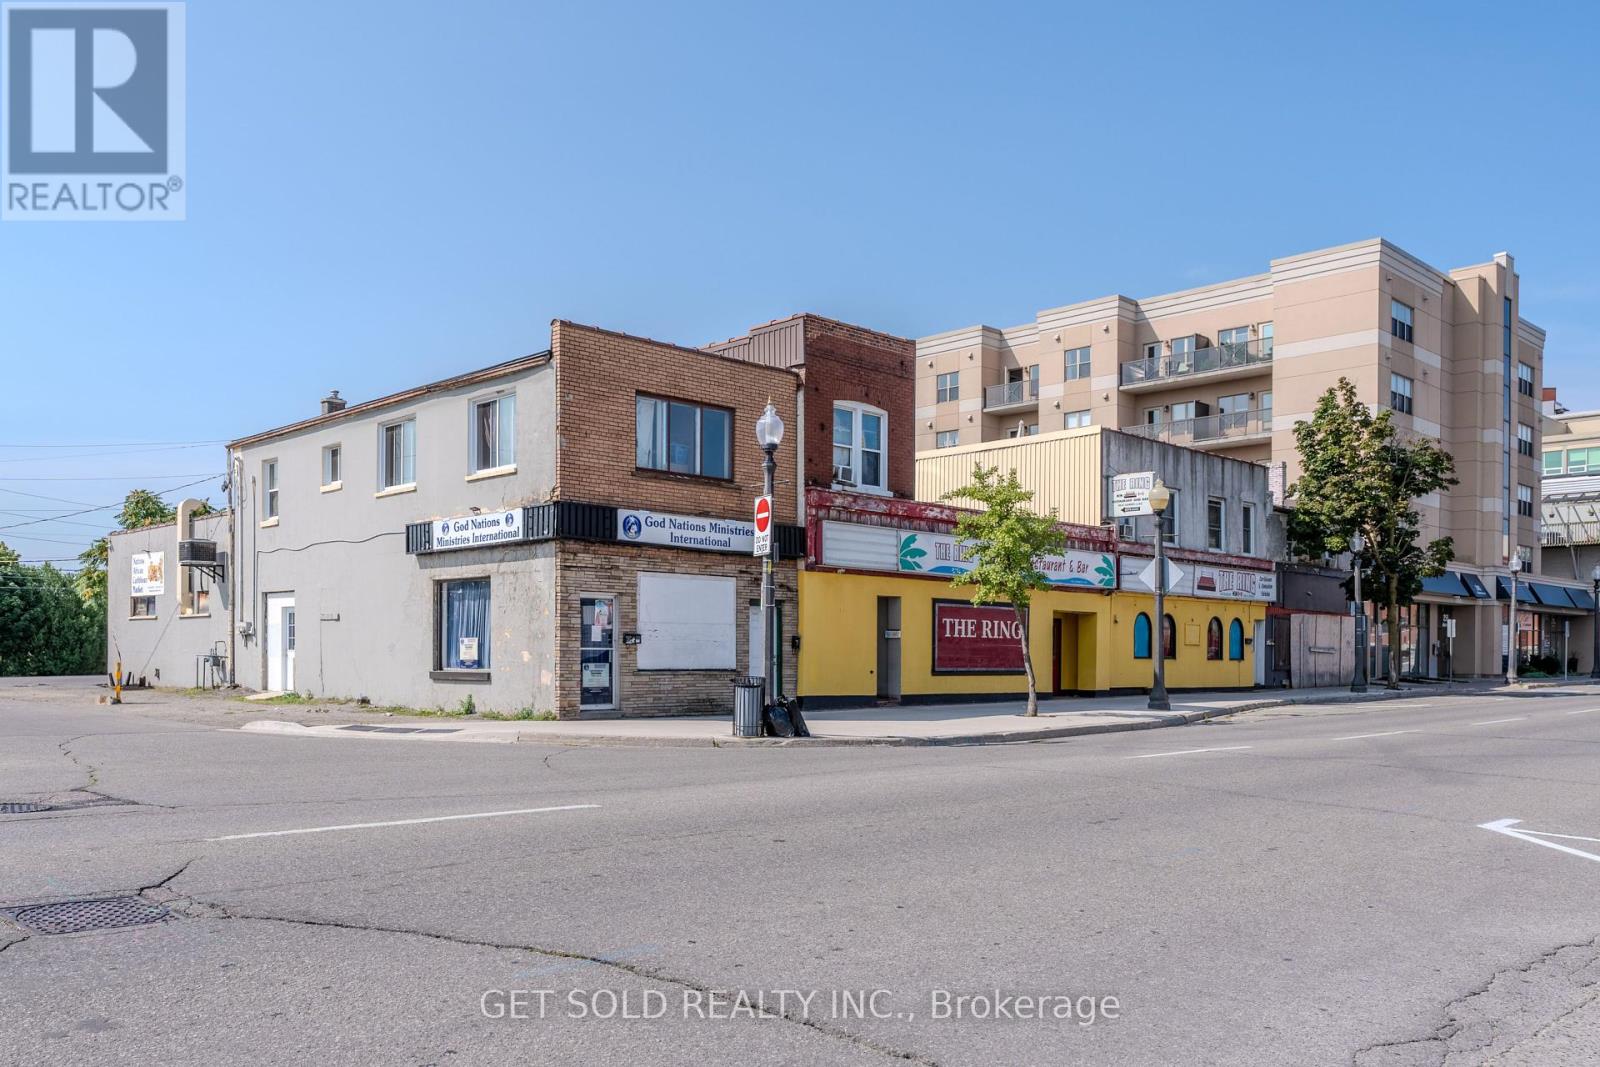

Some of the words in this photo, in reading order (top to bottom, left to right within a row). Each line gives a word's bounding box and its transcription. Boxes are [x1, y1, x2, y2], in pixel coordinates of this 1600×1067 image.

[1112, 479, 1127, 492] THE
[1129, 476, 1151, 490] RING
[453, 520, 469, 533] God
[470, 518, 501, 530] Nations
[644, 515, 666, 529] God
[668, 518, 706, 532] Nations
[709, 522, 754, 537] Ministries
[436, 535, 471, 548] Ministries
[472, 526, 520, 543] International
[670, 531, 731, 548] International
[756, 536, 761, 544] DO
[756, 544, 768, 552] ENTER
[934, 542, 951, 561] THE
[1076, 560, 1089, 574] Bar
[1218, 569, 1235, 593] THE
[1236, 571, 1257, 596] RING
[942, 618, 977, 638] THE
[981, 620, 1022, 639] RING

★ ★ ★

Omit the pictures and reproduce the listing exactly.

### Response box
Some of the words in this photo, in reading order (top to bottom, left to right within a row). Each line gives a word's bounding box and its transcription. Boxes are [x1, y1, x2, y2], in pixel coordinates of this 1600×1067 image.

[1112, 479, 1127, 492] THE
[1129, 476, 1151, 490] RING
[453, 520, 469, 533] God
[470, 518, 501, 530] Nations
[644, 515, 666, 529] God
[668, 518, 706, 532] Nations
[709, 522, 754, 537] Ministries
[436, 535, 471, 548] Ministries
[472, 526, 520, 543] International
[670, 531, 731, 548] International
[756, 536, 761, 544] DO
[756, 544, 768, 552] ENTER
[934, 542, 951, 561] THE
[1076, 560, 1089, 574] Bar
[1218, 569, 1235, 593] THE
[1236, 571, 1257, 596] RING
[942, 618, 977, 638] THE
[981, 620, 1022, 639] RING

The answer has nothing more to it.